When Motown executives heard the track, they flatly refused to release it—saying it was too political, not hit material. A standoff ensued: Gaye vowed he wouldn’t do anything else for the label until “What’s Going On” came out, and in January 1971, six months after it was recorded, the song was issued. It became an immediate hit, reaching the top of Billboard’s soul chart and the number two position on the pop charts. Motown wanted an album to follow immediately, and during a feverish ten-day marathon, Gaye and a crew of writer/producers knocked it out, with the house rhythm section, the Funk Brothers, establishing the basic accompaniment and members of the Detroit Symphony providing the sweet, questioning strings. The album reached stores in May, and its album tracks and subsequent singles—“Mercy Mercy Me (The Ecology)” and “Inner City Blues (Make Me Wanna Holler)”—coalesced into one riveting whole, a commentary somehow greater than the sum of its (stellar) parts. Through these persuasive songs, Gaye took the frustrations of a heated wartime moment and made them eternal: What’s Going On resonates wherever there is conflict and misunderstanding, touching the souls of men by calling to the highest within them.

GENRE: R&B.
RELEASED: 1971, Motown.
KEY TRACKS: “What’s Going On,” “Inner City Blues (Make Me Wanna Holler).” F.Y.I.: Smokey Robinson, Gaye’s Motown peer, once called this “the greatest album of all time.”

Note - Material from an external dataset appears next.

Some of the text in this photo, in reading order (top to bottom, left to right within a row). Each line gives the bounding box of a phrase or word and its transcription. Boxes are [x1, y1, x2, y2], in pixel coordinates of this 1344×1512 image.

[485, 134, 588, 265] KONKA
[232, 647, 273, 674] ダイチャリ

Who Is Jill Scott? Words and Sounds, Vol. 1

Jill Scott

Give Beyoncé the form-fitting dress and Mariah the Blahnik heels; Jilly from Philly is the kind of girl who dashes out in sweats to put together a feast for her man after some early-morning loving. Scott’s songs are the opposite of hot-action party-in-the-club gimmickry; one finds her describing an entire workday in anticipation of the evening of lust she’s got planned. Another catches her sizing up a potential lover: “Your background, it ain’t squeaky clean,” she observes, adding, “Sometimes we all got to swim upstream.”

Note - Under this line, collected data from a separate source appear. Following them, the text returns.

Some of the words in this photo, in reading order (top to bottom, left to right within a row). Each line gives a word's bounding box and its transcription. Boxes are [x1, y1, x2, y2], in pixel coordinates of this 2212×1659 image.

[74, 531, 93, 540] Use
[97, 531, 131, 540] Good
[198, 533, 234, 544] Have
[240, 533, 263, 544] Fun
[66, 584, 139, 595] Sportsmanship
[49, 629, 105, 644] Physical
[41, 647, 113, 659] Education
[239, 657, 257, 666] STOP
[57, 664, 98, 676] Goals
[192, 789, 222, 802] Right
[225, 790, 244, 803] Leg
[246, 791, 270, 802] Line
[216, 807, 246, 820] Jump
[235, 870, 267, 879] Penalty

Replacing the rampant Cristal-swilling fabulousness of commercial urban music with conversational observations about trust, romance, and devotion, Scott positions herself as a kind of anti-diva, the regular girl with an ear for poetry and a different notion about keeping it real. The songs on this astonishing debut ooze plenty of sex, but it’s of the everyday variety—in Scott’s world, sex is a beautiful and natural thing, not a weapon or a power center. These thoughts become radical when set to music that’s far more imaginative than the automated thumps of Destiny’s Child and countless others. There are ten kinds of smart music here, including a languid samba, a hard-swinging throwback to the soul-revue era, and several stupendously sung Philly-soul ballads.

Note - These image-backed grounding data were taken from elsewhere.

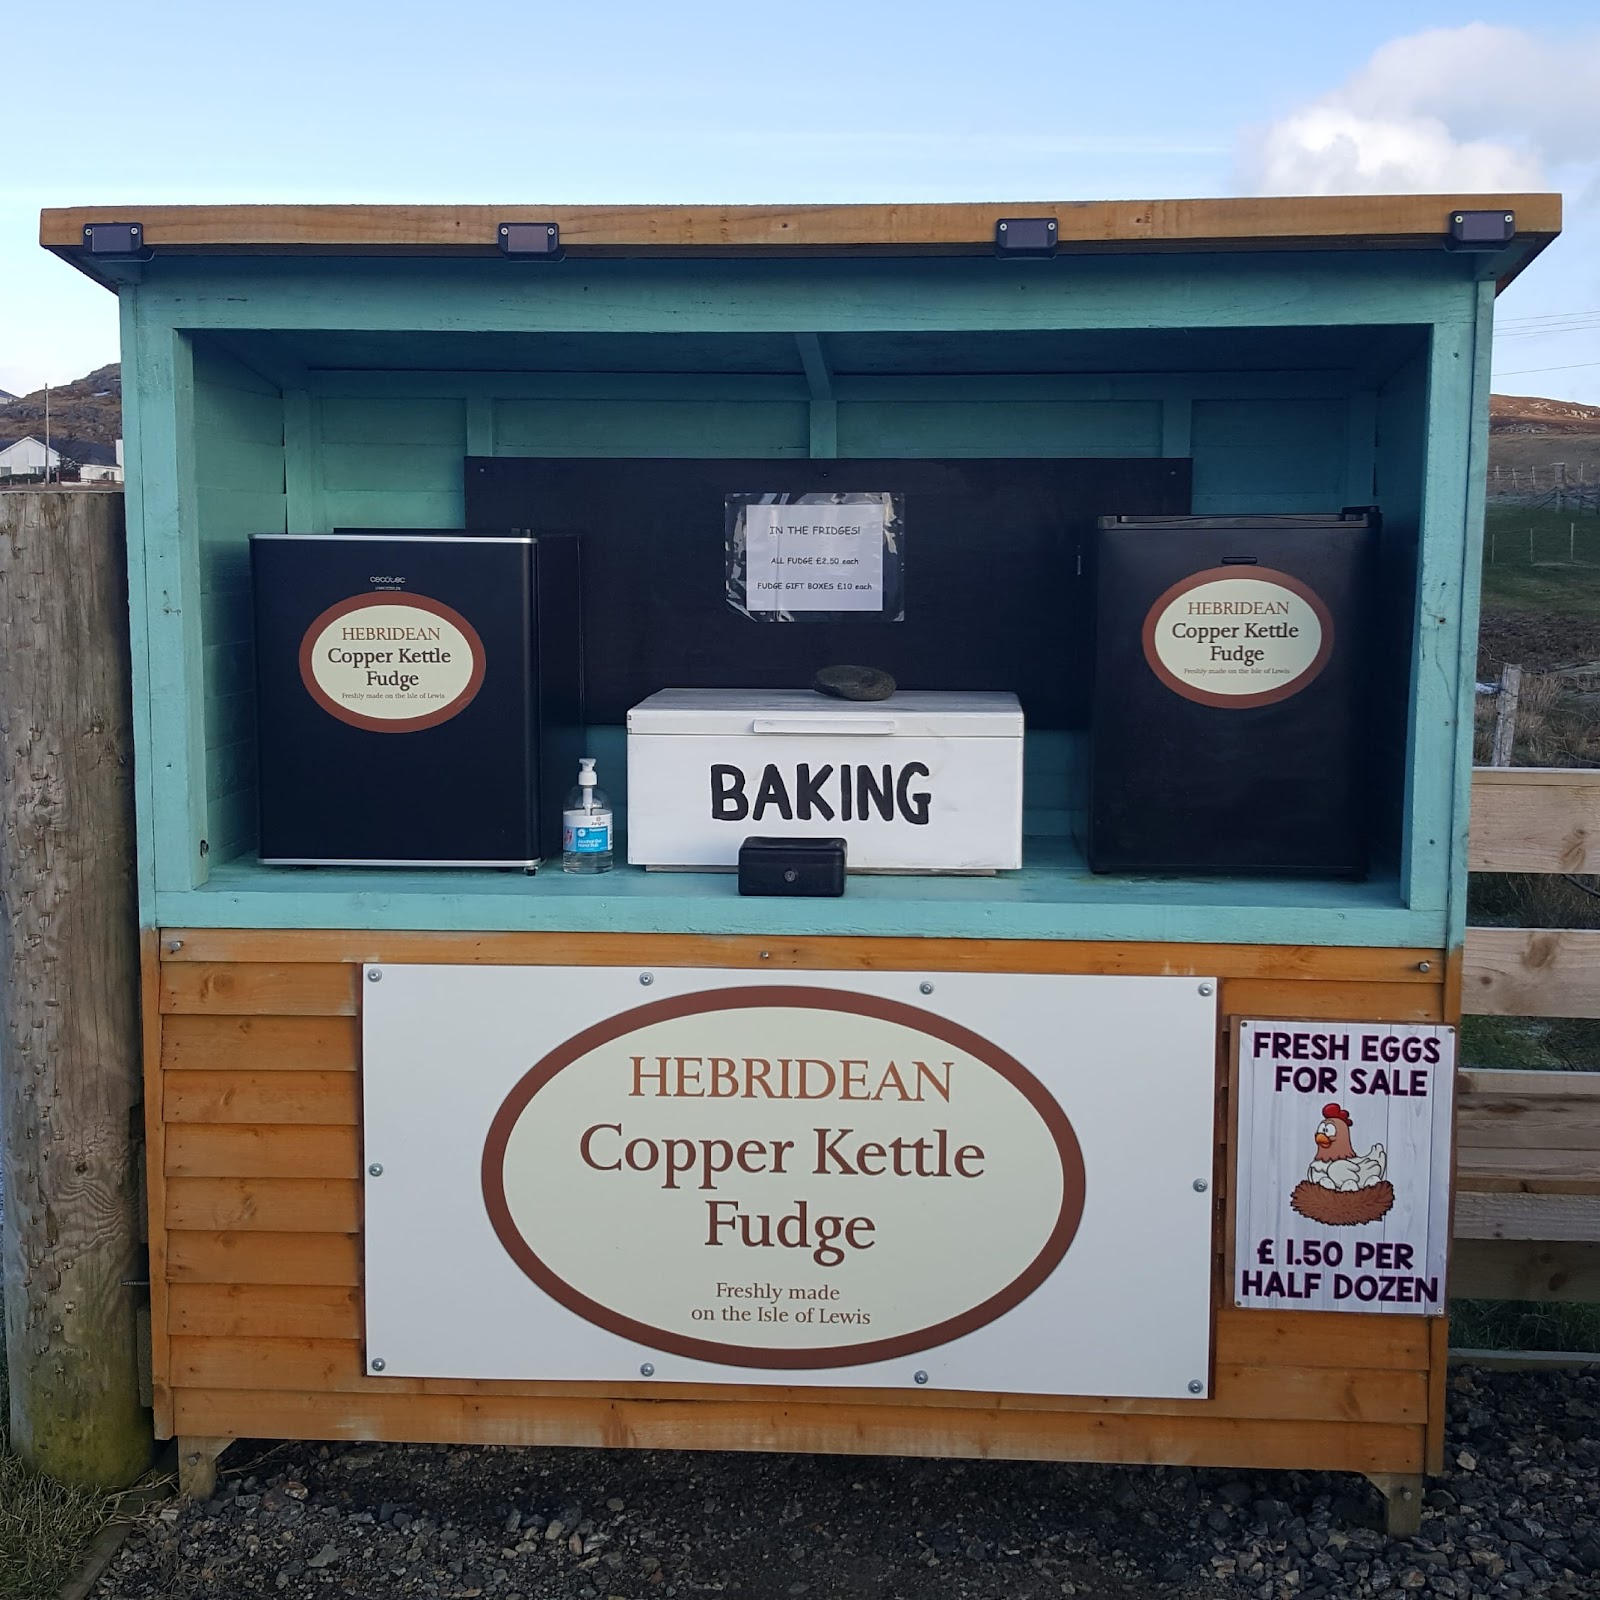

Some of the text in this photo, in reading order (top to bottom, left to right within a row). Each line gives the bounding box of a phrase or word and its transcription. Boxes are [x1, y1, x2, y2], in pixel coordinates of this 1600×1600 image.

[769, 526, 861, 535] IN THE FRIDGES!
[771, 557, 785, 565] ALL
[787, 557, 813, 565] FUDGE
[816, 557, 839, 565] £2.50
[757, 582, 783, 590] FUDGE
[785, 582, 804, 590] GIFT
[808, 582, 834, 590] BOXES
[837, 582, 853, 590] £10
[1187, 601, 1289, 615] HEBRIDEAN
[342, 627, 441, 641] HEBRIDEAN
[1172, 622, 1299, 643] Copper Kettle
[327, 648, 451, 668] Copper Kettle
[1210, 645, 1265, 666] Fudge
[366, 670, 419, 691] Fudge
[1184, 668, 1207, 676] Freshly
[342, 692, 364, 700] Freshly
[711, 762, 931, 825] BAKING
[1253, 1031, 1441, 1064] FRESH EGGS
[628, 1056, 954, 1103] HEBRIDEAN
[1275, 1066, 1428, 1097] FOR SALE
[580, 1122, 985, 1189] Copper Kettle
[704, 1200, 876, 1267] Fudge
[1286, 1239, 1343, 1267] 1.50
[1355, 1242, 1414, 1270] PER
[715, 1282, 840, 1305] Freshly made
[1241, 1270, 1438, 1303] HALF DOZEN
[691, 1306, 871, 1325] on the Isle of Lewis

A native of the tough streets of North Philadelphia, Scott was first heard sitting in with the pioneering hip-hop band the Roots (she coauthored the group’s 1999 hit “You Got Me”). She went from being a spoken-word artist to frontwoman in an astoundingly short time—to understand why, cue up “A Long Walk” and marvel at her command of soaring lines and whiplashing rhythmic syncopations. Scott’s second album, Beautifully Human: Words and Sounds, Vol. 2, continues in the same intensely musical vein, with Scott dispensing sharp commentary about senseless violence and the role of black men in the community.

GENRE: R&B.
RELEASED: 2000, Hidden Beach.
KEY TRACKS: “Lyzel in E-Flat,” “A Long Walk,” “Slowly, Surely.”